中国の国有自動車大手、広州汽車集団(広汽集団)は10月26日、2023年7〜9月期の決算を発表した。同四半期の売上高は360億6900万元(約7411億円)と、前年同期比14.4%の増収を確保。しかし純利益は15億4500万元(約317億円)にとどまり、同33.2%の大幅減益となった。

広汽集団の純利益の大部分は、日本メーカーとの合弁会社である広汽トヨタと広汽ホンダの2社が稼いでいる。大幅減益の主因は、これら合弁ブランドの販売不振にほかならない。

2023年1月から9月までの累計販売台数は、広汽トヨタが68万5800台と前年同期比10.3%減少、広汽ホンダは43万5800台と同23.9%減少した。

2024年に広汽ホンダを逆転も

合弁ブランドの低迷とは対照的に、ここにきて販売台数が急増しているのが、EV(電気自動車)を主力とする広汽集団の独自ブランド「広汽埃安(広汽アイオン)」だ。

広汽アイオンは1月から9月までの累計販売台数が35万1000台と、前年同期比93%も増加。

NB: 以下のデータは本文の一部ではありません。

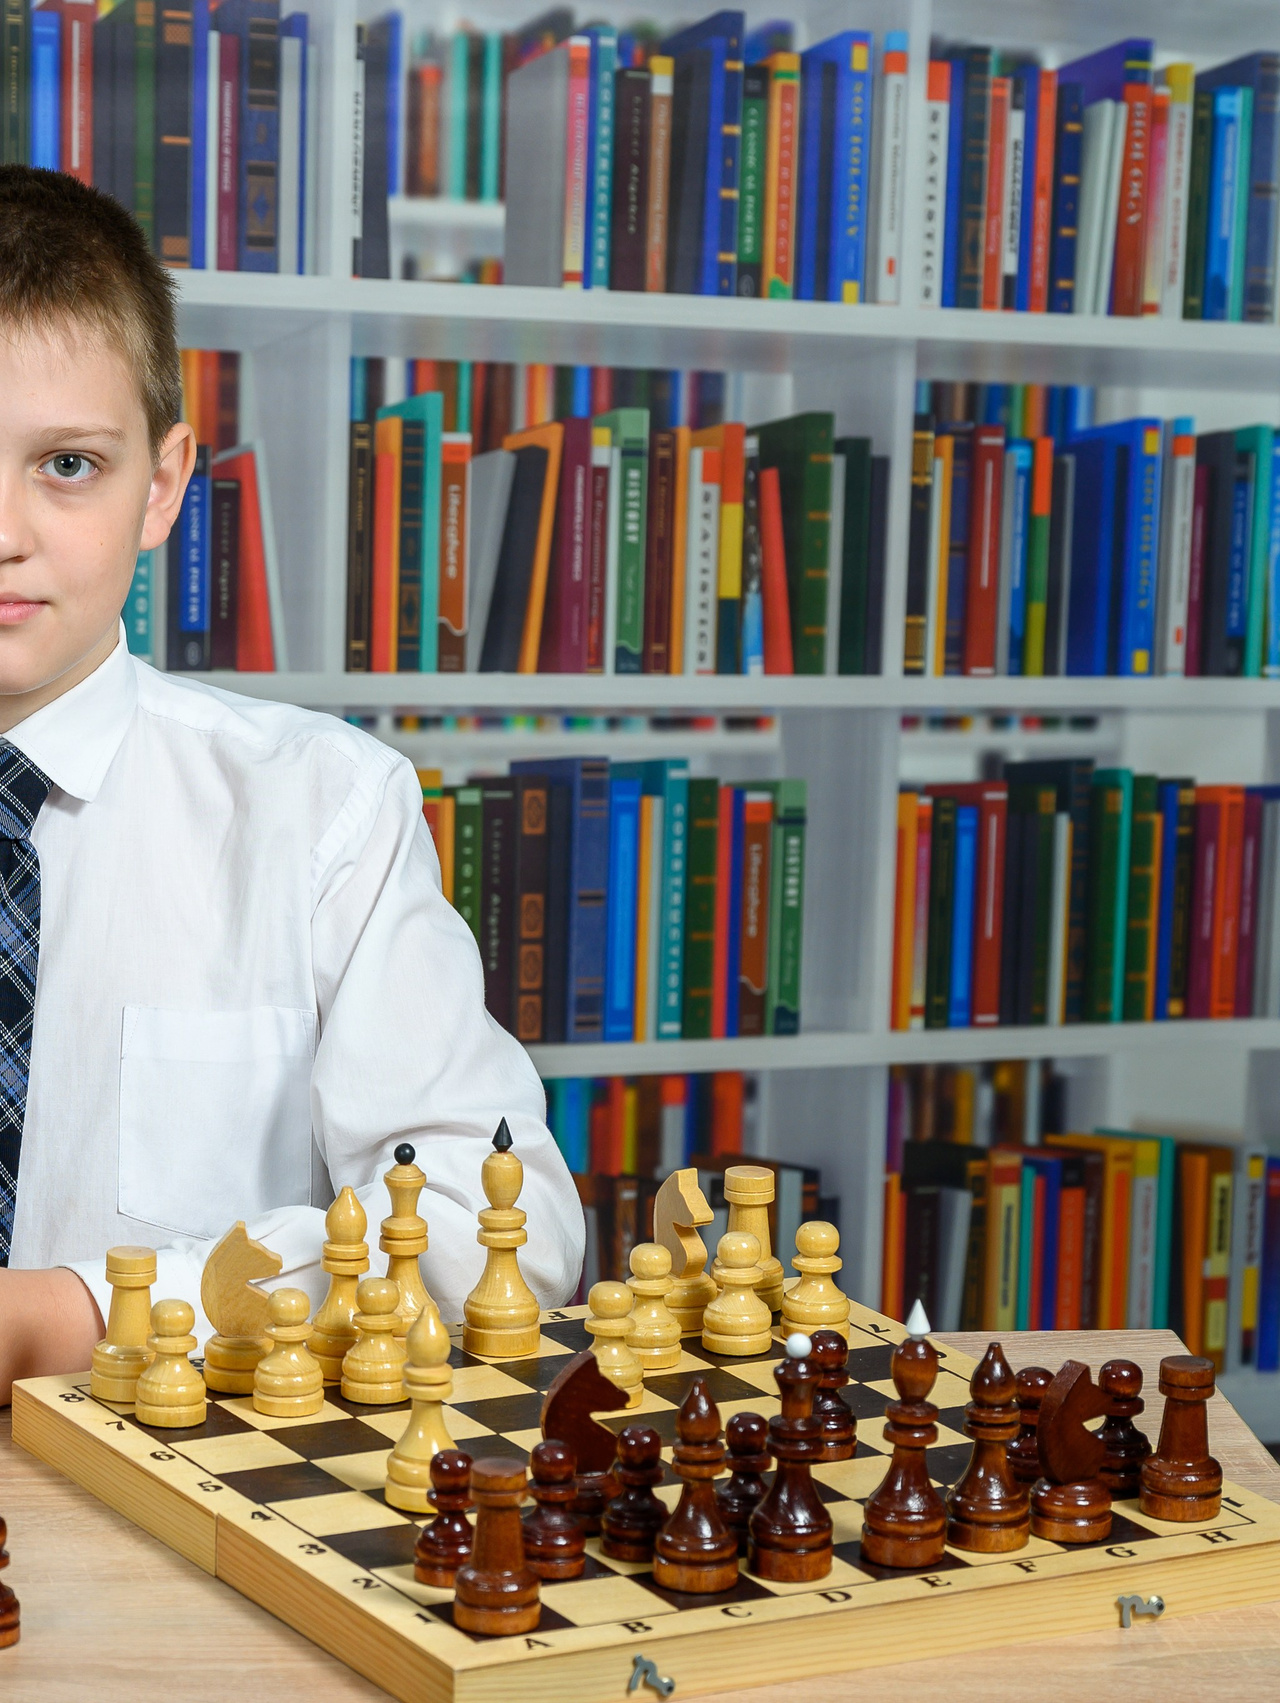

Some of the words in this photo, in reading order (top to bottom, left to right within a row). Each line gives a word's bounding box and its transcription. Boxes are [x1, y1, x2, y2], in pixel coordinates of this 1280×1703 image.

2022年の同期間には、広汽ホンダと広汽アイオンの販売台数には39万台の開きがあったが、2023年はそれが8万5000台に縮まった。

この勢いが続けば、広汽アイオンの販売台数は2024年にも広汽ホンダを追い抜き、広汽集団傘下のブランドのなかで広汽トヨタに続くナンバーツーに浮上する可能性がある。

広汽アイオンのEVは価格性能比の高さを売り物にしている。最量販車種の小型セダン「アイオン S」は希望小売価格が13万9800元(約287万円)からで、1月から9月までの累計販売台数が18万2000台余りに達した。

10月には車内空間を広げた派生モデル「アイオン S マックス」を投入し、さらなる販売増加を目指している。


広汽集団は広汽アイオンの生産能力増強を急いでいる。写真は2022年10月に稼働した新工場の生産ライン(広汽集団のウェブサイトより)

それだけではない。広汽集団の説明によれば、(EVの製造コストの3〜4割を占めるとされる)車載電池の原材料価格が下落した恩恵を受け、広汽アイオンの営業損益は6月から黒字に転換。粗利率が月ごとに改善しているという。

三菱自の旧工場を継承

広汽集団は、広汽アイオンの販売目標について2023年に50万台、2025年に100万台という高い数値を掲げている。これを実現するため、同社は生産能力の増強投資に余念がない。


本記事は「財新」の提供記事です

10月24日には、日本の三菱自動車の中国市場撤退に伴い、同社との合弁会社である広汽三菱を完全子会社化すると発表。広汽三菱が湖南省長沙市に持つ工場を広汽アイオンが引き継ぎ、既存工場と合わせた生産能力を年間60万台に引き上げるとしている。